Share your dilemmas and get honest opinions from other Mumsnetters.

AIBU to think this is a little rude as a question?

31 replies

TheDetective · 15/10/2012 20:45

I may be being a little hormonal here nothing new there but lately I've noticed a lot of people asking me the same question. I have a 10 year old DS, who clearly isn't my DP's, as DP is 22 (I'm 27).

As soon as they ask the question 'oh, is he not his father' they follow up with, 'does he still see his father?'. Thankfully, this is mostly not in front of DS!

AIBU to find this quite rude, and invasive? The answer is yes, but really, is it anyone elses business? Would you ask the same question to someone? What if it was the father, would you ask him if he still saw his child?

I'm just fed up of answering it to be honest! I'd like to come up with a witty retort than more than the MN standard responses!

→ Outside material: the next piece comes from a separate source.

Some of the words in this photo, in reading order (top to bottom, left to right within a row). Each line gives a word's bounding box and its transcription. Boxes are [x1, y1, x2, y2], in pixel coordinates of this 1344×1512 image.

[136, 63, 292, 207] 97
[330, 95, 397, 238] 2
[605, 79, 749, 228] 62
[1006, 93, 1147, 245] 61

I'm probably just being unreasonable to see it as a rude question though!

OP posts:
Anniegetyourgun · 15/10/2012 23:14

DS1 and 4 are red-heads, DS2 and 3 brunettes. I assured someone once that "they do all have the same father - whoever he was" Grin

eBook · 15/10/2012 23:17

YANBU

MoonlightandWerewolves · 15/10/2012 23:23

Maybe, when asked you should say 'yes, DP is, didn't you see it in the papers at the time?' Grin

MoonlightandWerewolves · 15/10/2012 23:24

Blast, there should have been an additional comma after "...asked"

SirBoobAlot · 15/10/2012 23:30

Oh I'm sure they're not trying to be rude. They're also not trying to practice any social skills at all.

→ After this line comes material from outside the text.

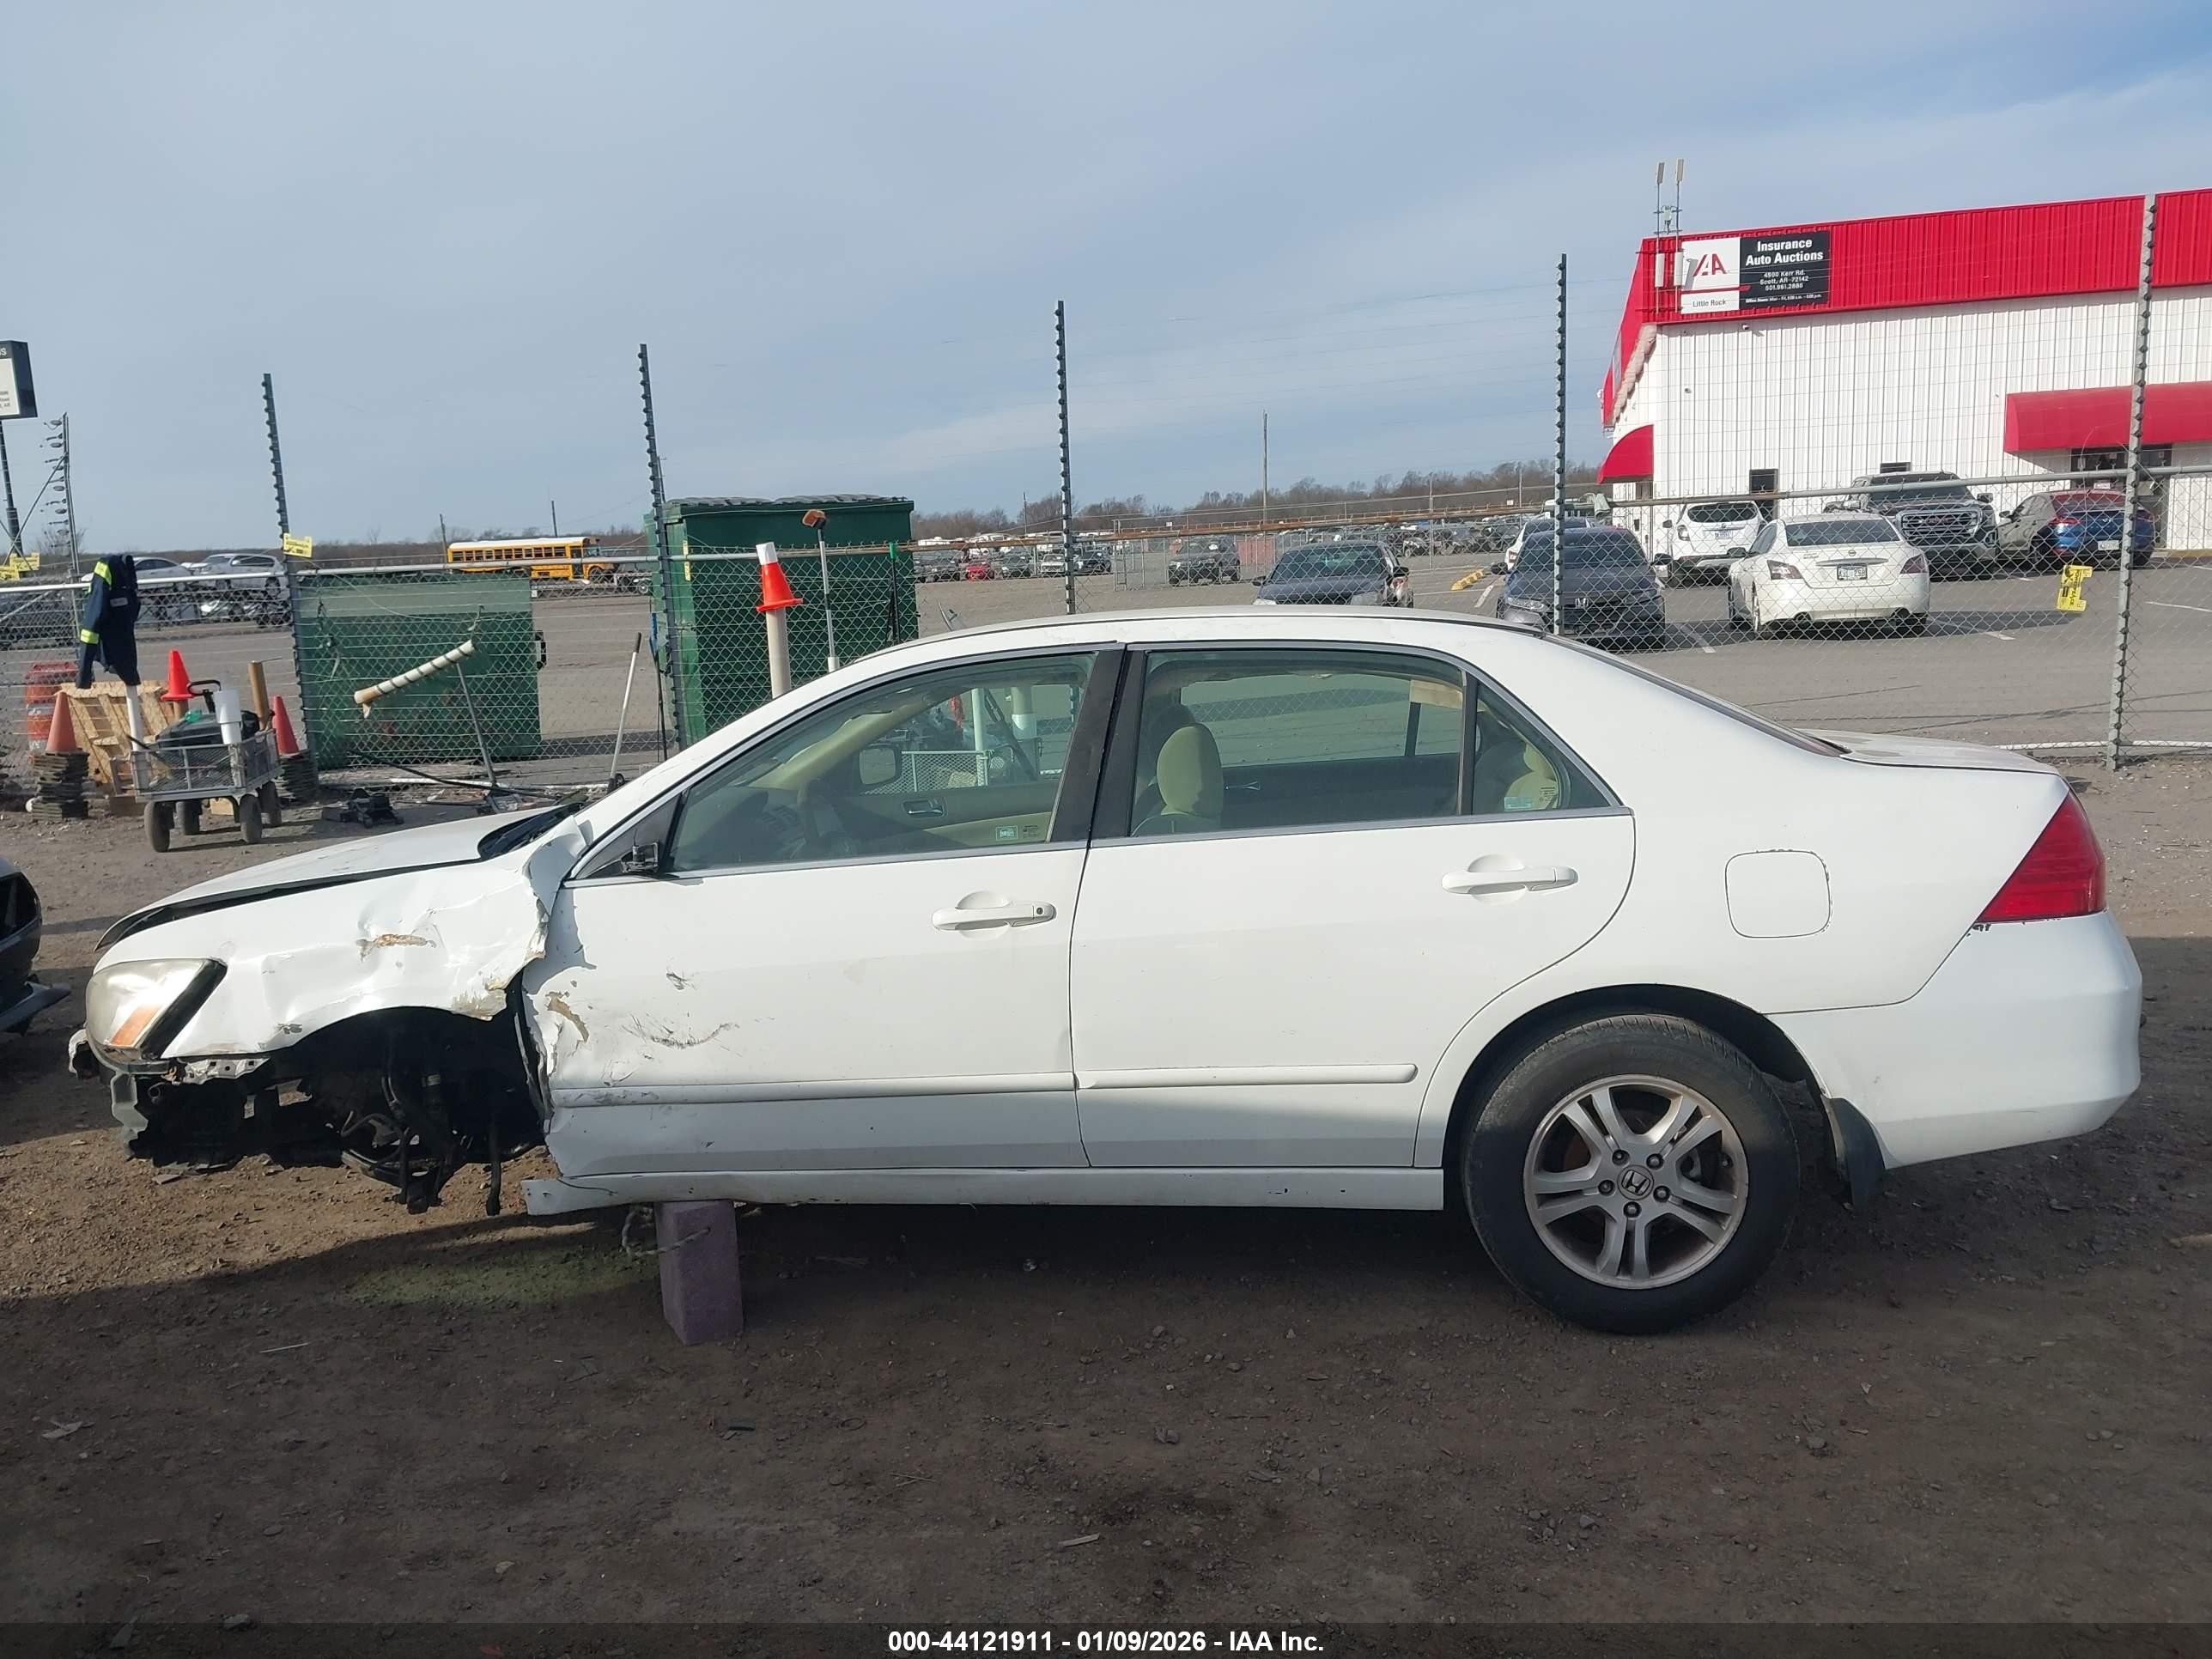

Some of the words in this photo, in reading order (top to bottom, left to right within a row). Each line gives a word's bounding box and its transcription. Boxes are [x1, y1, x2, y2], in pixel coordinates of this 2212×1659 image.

I was once out with DS and DP, a pair of witches older women talking to us happily and DS... Until DS called DP by his first name. Then they looked at me and said, "Oh... So this isn't you sons father?", tutted at me, and walked off! My jaw nearly hit the floor!

martinigra · 15/10/2012 23:32

I've been asked this quite a lot (I have a DS who doesn't see his bio father, most people have known me as a single parent, although I have a DH now). I've always found it a bit uncomfortable, but not rude as such. I don't think people are being judgemental in my case, they have often seemed more sympathetic/understanding once they knew there wasn't a father figure to help out.

Weirdly, now I do have a partner, everyone just assumes DS is DH's child, as the ethnic mix is right, although they look nothing alike.